Tri-Agent Architecture
CODEBASE
│
▼
┌──────────┐
│ AUDITOR │ Sweeps for problems
│ │ Output: findings report with severity + location
└────┬─────┘
│
▼ (findings)
┌──────────┐
│ FIXER │ Proposes concrete code changes per finding
│ │ Output: diffs/patches per finding
└────┬─────┘
│
▼ (fixes)
┌──────────┐
│ VERIFIER │ Confirms each fix addresses the finding
│ │ Cannot see Fixer's reasoning — only the diff and original finding
│ │ Output: verified/rejected per fix
└──────────┘
Why Three Agents?
-
Auditor bias: A single agent that finds AND fixes tends to minimize findings it can’t easily fix, and over-report findings it already knows the fix for. Separating Auditor from Fixer keeps the audit honest.
-
Fix theater: When asked to “fix this code,” LLMs commonly restructure the code cosmetically without actually solving the underlying problem.
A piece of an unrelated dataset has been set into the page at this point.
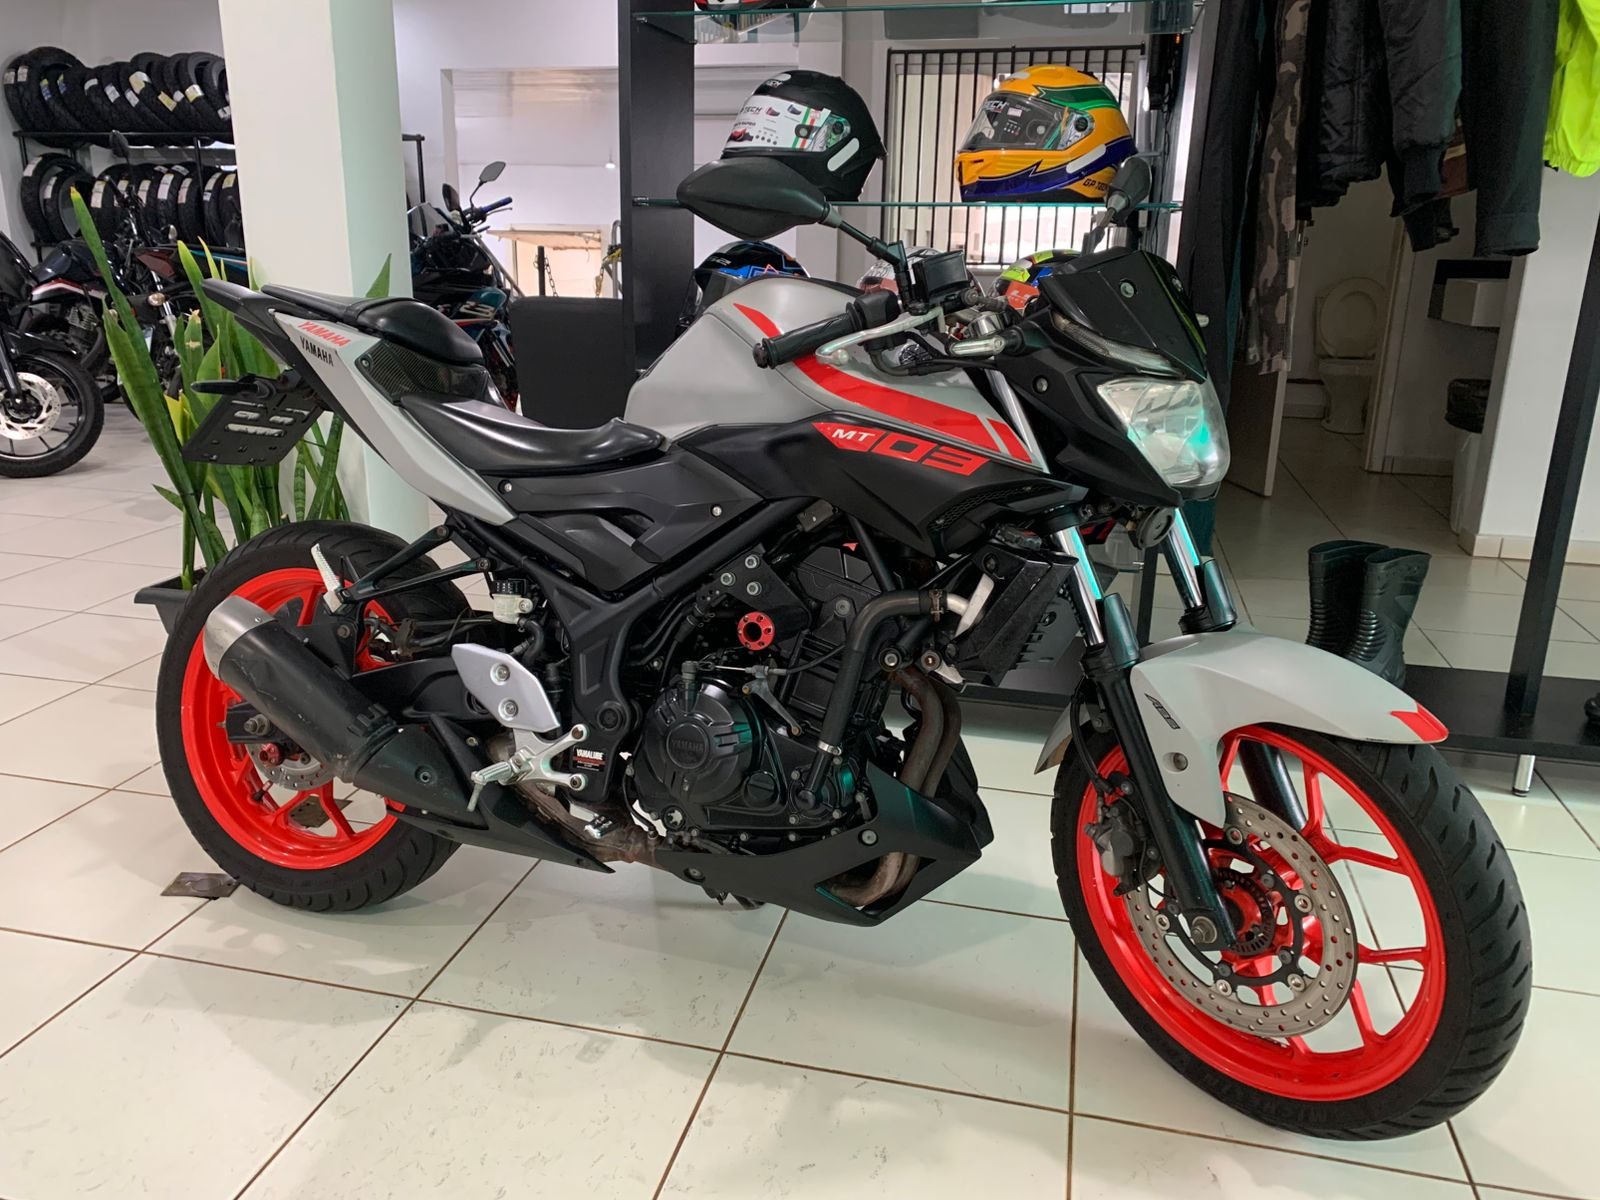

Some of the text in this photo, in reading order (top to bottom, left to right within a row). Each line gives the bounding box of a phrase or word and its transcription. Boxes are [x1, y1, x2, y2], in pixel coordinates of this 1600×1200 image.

[298, 321, 352, 347] YAMAHA
[300, 335, 334, 367] YAMAHA
[832, 428, 991, 477] MT 03
A separate Verifier that re-reads the original finding and the diff catches this — it asks “does this diff actually prevent the vulnerability / fix the bug / solve the performance issue?” without being influenced by the Fixer’s explanation.
-
Scope creep: A fixer will “improve” adjacent code while fixing a finding, introducing unreviewed changes. The Verifier flags scope creep: “This diff changes 40 lines but the finding was about 3 lines. The extra changes need their own review.”
Phase 1: Auditor Agent
The Auditor sweeps the codebase and produces findings. This is a read-only agent — it never modifies code.
Category Sweeps
Run each applicable category. Skip categories that don’t apply (e.g., skip UX for a pure API project).
1a. Security Sweep
Read references/security-checklist.md for the full checklist.
| Check | Severity |
|---|---|
| Hardcoded secrets (API keys, tokens, passwords in source) | CRITICAL |
| SQL injection (string concatenation in queries) | CRITICAL |
| Auth bypass (missing middleware on protected routes) | CRITICAL |
| XSS vectors (unescaped user input in HTML/JSX) | HIGH |
| CORS misconfiguration (wildcard with credentials) | HIGH |
| Missing rate limiting on auth endpoints | HIGH |
| Vulnerable dependencies (known CVEs) | MEDIUM-HIGH |
| Missing input validation | MEDIUM |
1b. Performance Sweep
| Check | Severity |
|---|---|
| N+1 queries (DB call inside loop) | HIGH |
| Missing indexes (frequent WHERE columns, no index) | MEDIUM |
| Bundle bloat (importing entire library for one function) | MEDIUM |
| Synchronous blocking in async context | HIGH |
| Unbounded list queries (no pagination) | MEDIUM |
1c. Code Quality Sweep
| Check | Severity |
|---|---|
| Dead code (unused exports, unreachable branches) | LOW |
| Complexity hotspots (functions > 50 lines, cyclomatic > 10) | MEDIUM |
| Missing error handling (bare catch, swallowed errors) | MEDIUM |
Type safety gaps (any types, missing null checks) | MEDIUM |
| Duplication (copy-pasted logic) | MEDIUM |
| TODO/FIXME/HACK markers | LOW |
1d. Configuration & DevOps Sweep
| Check | Severity |
|---|---|
| Missing .env.example | MEDIUM |
| No .gitignore or missing entries | HIGH |
| No type checking (TS without strict mode) | MEDIUM |
| Missing CI/CD | MEDIUM |
| Stale dependencies | LOW |
1e. UX & Accessibility Sweep
Read references/ux-audit-checklist.md for the full checklist.
| Check | Severity |
|---|---|
| Color contrast below 4.5:1 | HIGH |
| Missing form labels | HIGH |
| Div buttons (non-semantic click handlers) | MEDIUM |
| Missing keyboard navigation | HIGH |
| Missing loading/empty/error states | MEDIUM |
| Hardcoded colors/spacing (not using tokens) | MEDIUM |
| Non-responsive components | MEDIUM |
1f. AI-App Safety Sweep (only when an LLM is in the loop)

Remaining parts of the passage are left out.